Use regular Outlet for an M40, (4 replies and 2 comments)
Hello, Mr Deakins, I just discover this website while doing some research, and it look great, so first thank to take time to bring to light the question of person less experienced than you.
I work in the electrical department since I move into the US, and I discover recently that I can have 240v on a circuit by removing the neutral and remplace it buy a hot from an other circuit if there are not on the same phase.
so in the case where I cannot have access to stage pin connector or cam lock, if I'm using a M40, I should be able to plug it on two 120v, 20 amp circuit.
Does that will work without causing problems to the electrical ballast or any safety issues ?
Thank for any information you can give me.
Bodging something together by placing it between phases is not something I would recommend - especially as you are obviously not a qualified electrician. The very fact that you need to ask a question like that tells me that the answer is "Don't do it!"
Depending on how your lights are wired internally, yes, you can ruin them or even put the housing and lighting stands onto a phase - I've seen it done!
Sorry to be blunt - but there is nothing quite as much fun as watching someone handling a lamp and then reaching out to a scaffold pole, only to be caught between two phases and nearly killing themselves. At least some people thought it was fun because the guy in question was repeatedly told not to rig his lights that way.
Welcome to the forum, we are always happy to answer questions about filming and related subjects but your electrical question is not within the remit of the forum and is really a health and Safety issue, there are strict rules and legislation laws in the US
concerning TV and Film lighting and rigging so It is best to seek advice from a qualified service engineer. Your safety is our concern so please listen to “the Byre” and try not to ‘fry’ yourself experimenting just to save money. Doing it right only cost a few pennies more.
Thanks Mike - If I may just add to the above, if Lucas is working between two phases on a three-phase supply, the resultant effective voltage (RMS) is not two-times 120V. Your multimeter may be showing you a value of 240V between the two phases, but that is the peak value will not be the true RMS value (root-mean-square) as you are (normally) getting two separate 120V supplies that are 1/3 of a waveform (120 degrees) out of sync with one another.
You can look up the mathematics on Wikipedia - it's all fairly straight-forward.

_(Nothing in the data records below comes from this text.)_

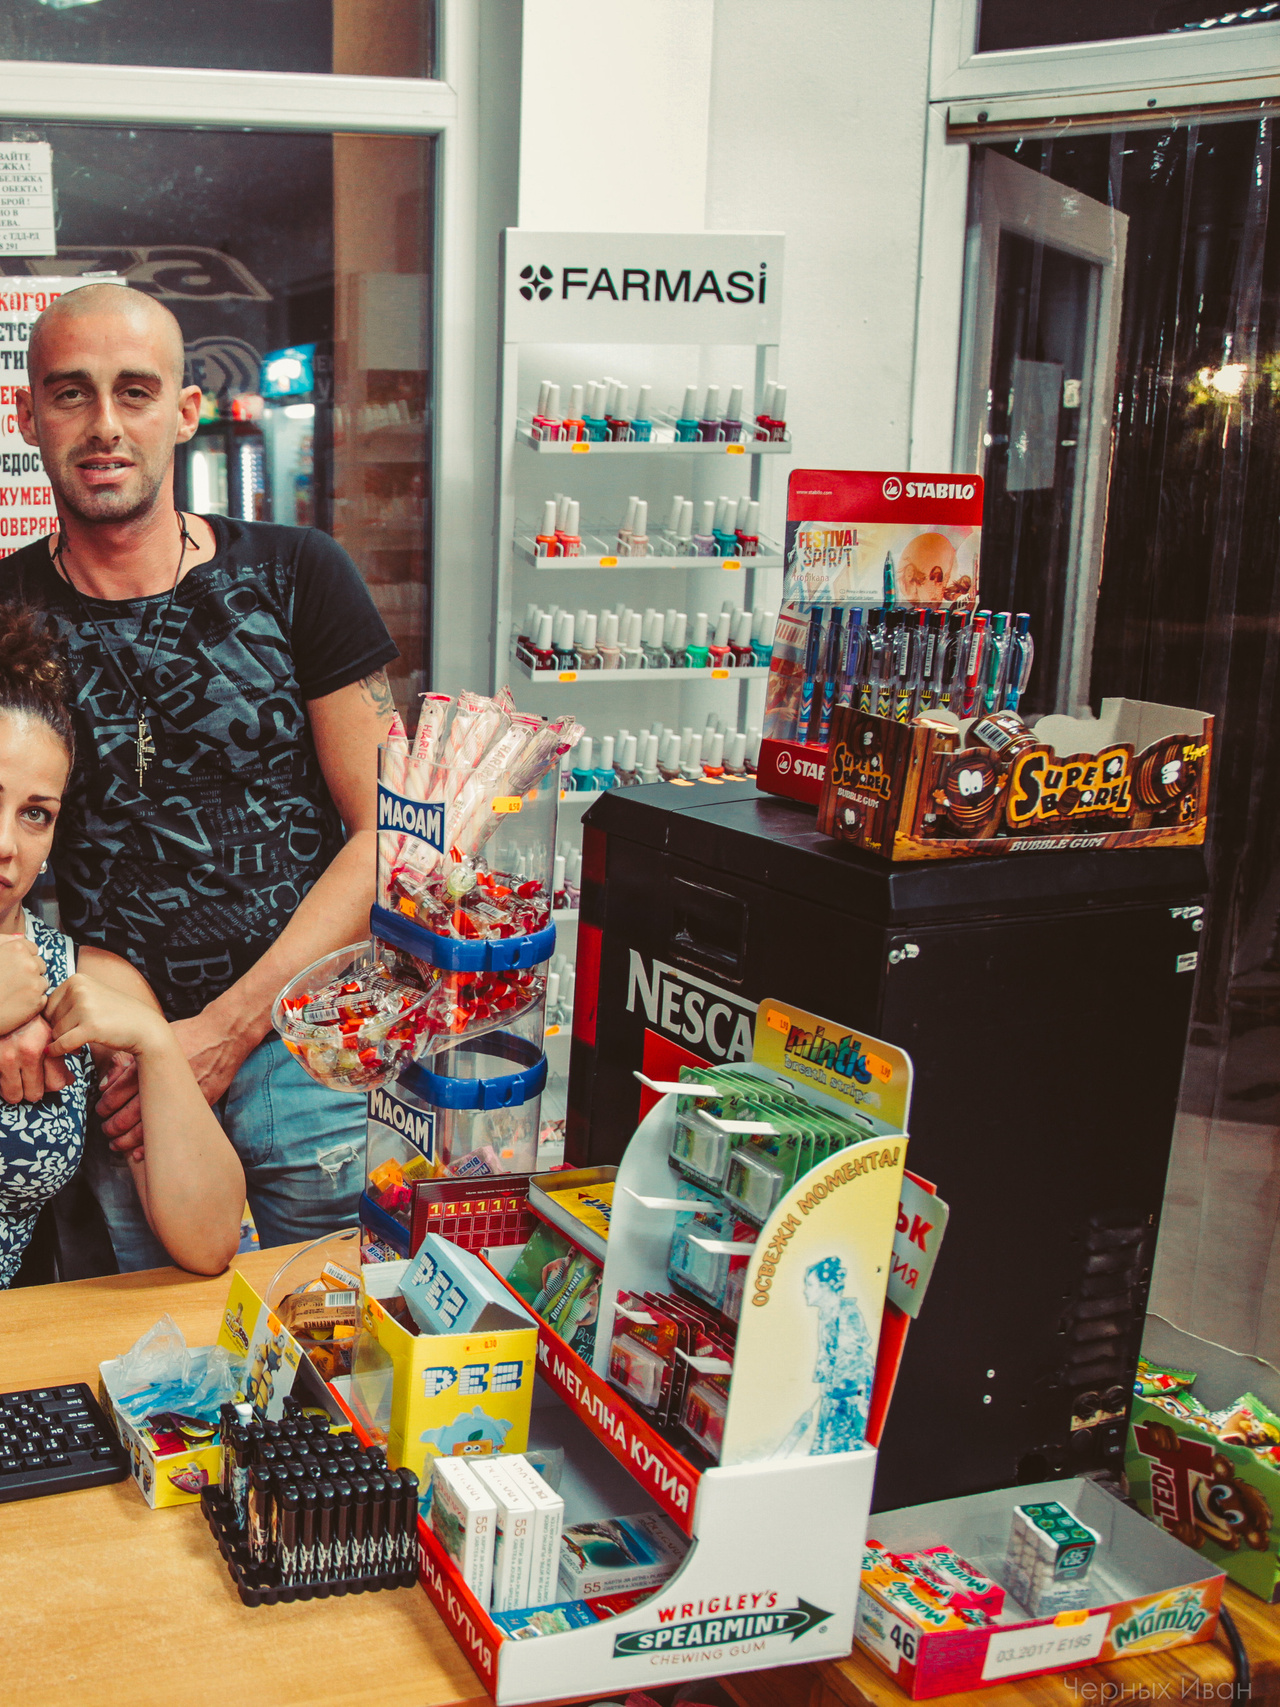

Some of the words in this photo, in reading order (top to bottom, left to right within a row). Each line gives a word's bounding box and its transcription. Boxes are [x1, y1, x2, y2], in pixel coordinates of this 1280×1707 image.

[906, 482, 975, 500] STABILO
[798, 529, 859, 548] FESTIVAL
[793, 573, 830, 583] tropikana
[837, 787, 862, 803] BUBBLE
[862, 796, 880, 808] GUM
[379, 793, 441, 846] MAOAM
[1009, 837, 1069, 851] BUBBLE
[1070, 836, 1106, 849] GUM
[626, 948, 758, 1063] NESCA
[784, 1053, 827, 1085] breath
[370, 1086, 429, 1153] MAOAM
[752, 1213, 802, 1307] ОСВЕЖИ
[797, 1146, 901, 1216] МОМЕНТА!
[550, 1271, 583, 1321] DOUBLEMINT
[421, 1360, 525, 1398] PEZ
[553, 1353, 627, 1450] МЕТАЛНА
[629, 1437, 691, 1513] КУТИЯ
[1150, 1461, 1178, 1521] TEDI
[475, 1516, 488, 1534] 55
[514, 1519, 527, 1537] 55
[583, 1582, 601, 1594] 55
[658, 1590, 779, 1623] WRIGLEY'S
[446, 1597, 493, 1676] КУТИЯ
[638, 1614, 789, 1650] SPEARMINT
[890, 1624, 916, 1660] 46
[1112, 1606, 1208, 1649] Mamba
[650, 1648, 723, 1666] CHEWING
[730, 1641, 767, 1658] GUM

Look-up the terms root-mean-square, three-phase and electrical ballast.
I do not know what type of ballast the lamp is using (and the word 'Ballast' covers a multitude of sins and devices used to limit current and otherwise control the electrical supply, each different!) so I cannot tell Lucas what if anything will be the damage done.
Knowing this stuff is bread-n-butter to any qualified gaffa, but even they, in times of a need to improvise, would never, I hope, try to put a light between two phases. As stated above - I've seen it done and the results were interesting, dangerous and very nearly deadly!
No! No! No! Do not do that!
We do it all the time in location with 1.8s and it's no big deal. It actually can be considered safer because of the lower amps.
That being said, 4ks would be stretching it and no one does it. 4ks HMIs run at around 18 amps but it can go higher because of a variety of reasons. It could theoretically work.. but you'd need two 20 amps circuit.. and the whole thing would run hot.
You might as well get a oven or dryer tie-in with proper gaged wires. It's cheap to rent and simple to use. You plug the thing in the oven or dryer outlet, use the Y220 junction provided to get 220~240 volts with the proper connector for the ballast (bates in the US?).
If you are not sure, try to hire a good gaffer, he might even teach you how to lignt the scene!
Do not try this yourself unless you are a qualified electrician. That should be the end of the discussion on this web site!